Tag Archives: metro phoenix

Papago Tech Center, Courtesy of CoStar

Auto finance company leases 40KSF in Tempe

CBRE has completed a 40,000-square-foot office lease at Papago Technology Center located at 1700 N. Desert Drive in Tempe, Ariz.

Bryan Taute with CBRE represented the landlord, WDP Partners of Phoenix. The tenant, Greenville, NC-based Regional Acceptance Corp. a division of BB&T Bank, was represented by Jason Moore and Keith Lammersen with JLL.

This lease is another good example of a new office user to the market being drawn to a centrally located building that allows them to easily attract new employees,” said CBRE’s Taute.

Regional Acceptance Corp., a division of BB&T Bank, is a national auto finance company and this lease marks an expansion for the national auto finance company. The 40,000-square-foot space at Papago Technology Center will allow the company to house approximately 300 new employees.

Regional Acceptance Corp. is looking to capitalize on Papago Technology Center’s location in the heart of one of metro Phoenix’s most desired labor pools and plans to hire approximately 300 new employees to staff the center.
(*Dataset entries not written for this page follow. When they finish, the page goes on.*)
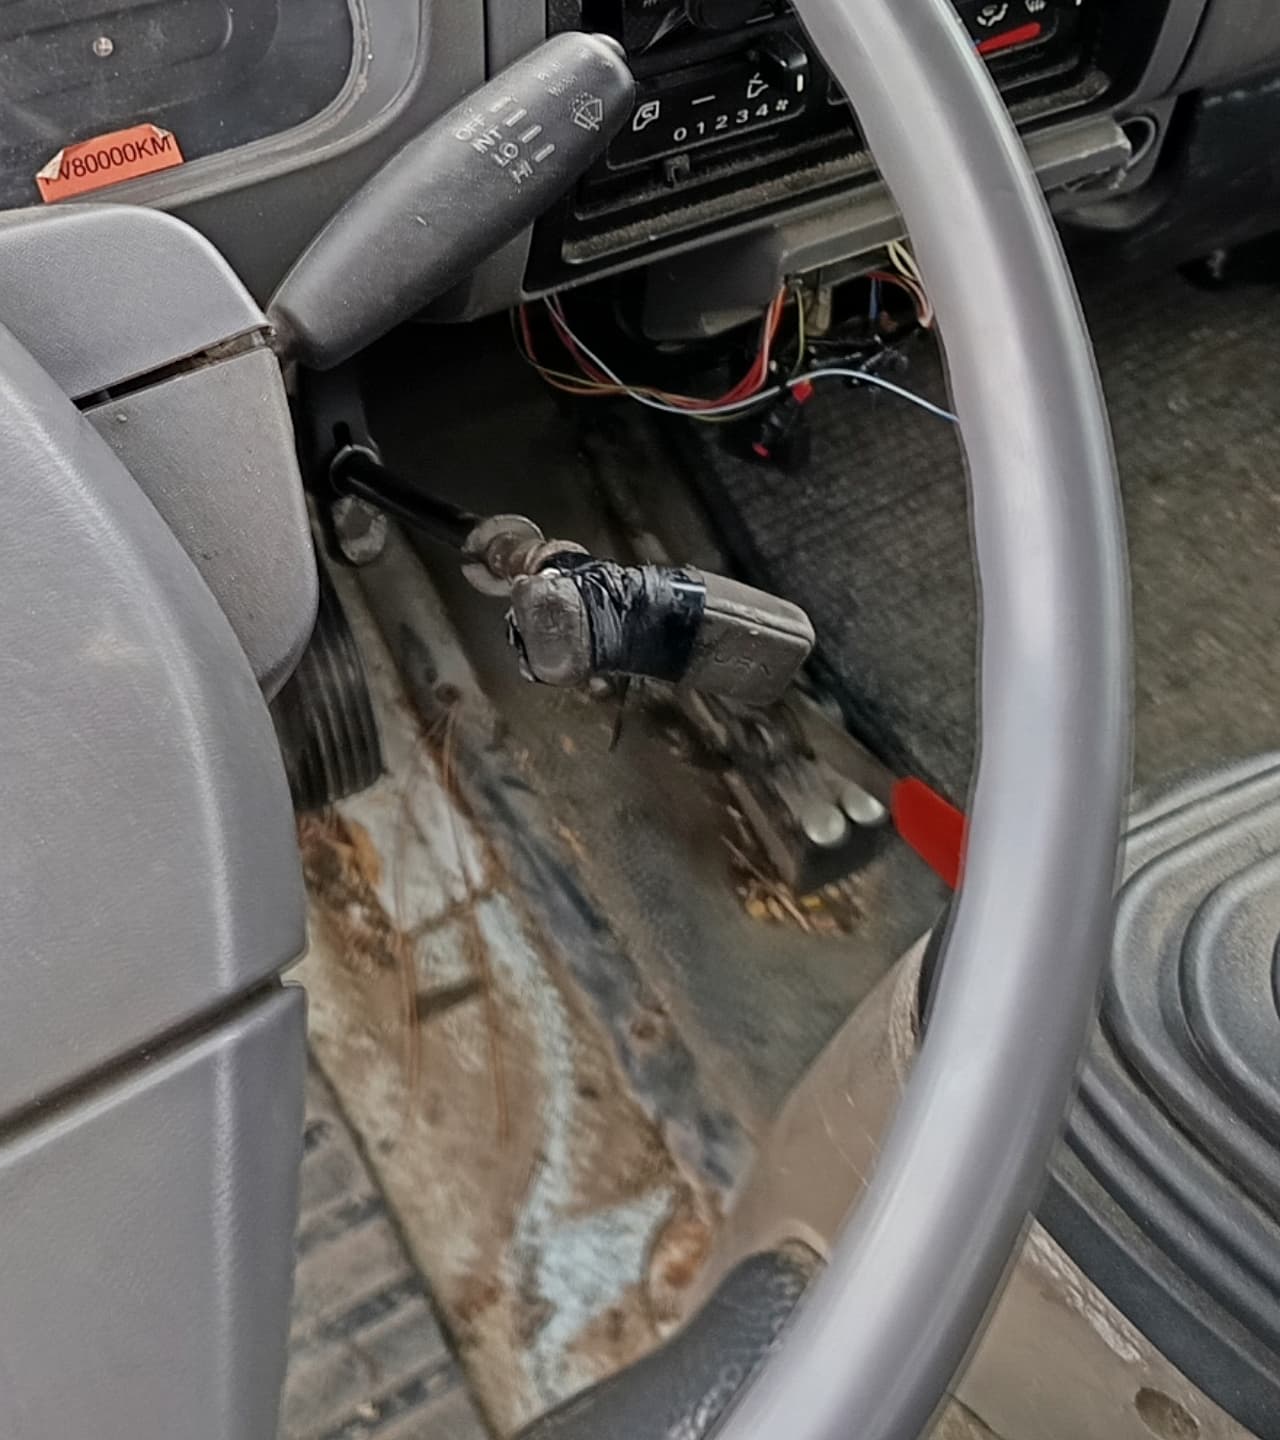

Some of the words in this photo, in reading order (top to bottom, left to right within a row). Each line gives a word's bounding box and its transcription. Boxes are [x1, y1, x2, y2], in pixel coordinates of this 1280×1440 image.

[456, 113, 485, 141] OFF
[673, 128, 688, 142] 0
[696, 121, 705, 135] 1
[715, 115, 729, 130] 2
[736, 109, 749, 123] 3
[755, 103, 769, 117] 4
[472, 126, 502, 154] INT
[44, 136, 173, 185] V80000KM
[492, 142, 519, 167] LO
[511, 160, 534, 184] HI
The company also plans to make significant improvements to the newly-leased space in order to offer future employees a state-of-the-art, modern facility. The company plans to take occupancy of the space in March 2015.
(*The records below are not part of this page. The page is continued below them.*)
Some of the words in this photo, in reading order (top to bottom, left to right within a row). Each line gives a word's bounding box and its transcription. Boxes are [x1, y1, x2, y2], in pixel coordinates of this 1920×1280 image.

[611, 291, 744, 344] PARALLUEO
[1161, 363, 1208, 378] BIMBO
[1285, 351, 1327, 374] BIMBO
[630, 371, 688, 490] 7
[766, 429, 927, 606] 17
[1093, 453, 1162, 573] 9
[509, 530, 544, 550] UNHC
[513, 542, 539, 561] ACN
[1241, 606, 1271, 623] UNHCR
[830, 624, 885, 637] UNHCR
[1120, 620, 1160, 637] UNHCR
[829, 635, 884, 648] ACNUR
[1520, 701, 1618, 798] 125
Built in 1993, Papago Technology Center is a 75,000-square-foot flex/office building located in the heart of Tempe and one of metropolitan Phoenix’s largest, most-desired labor pools. The property benefits from direct access to the light rail system via the station at Washington Street and Priest Drive as well as proximity to the Loop-202 via Priest Drive. The property currently has 33,795 square feet of remaining space available for rent.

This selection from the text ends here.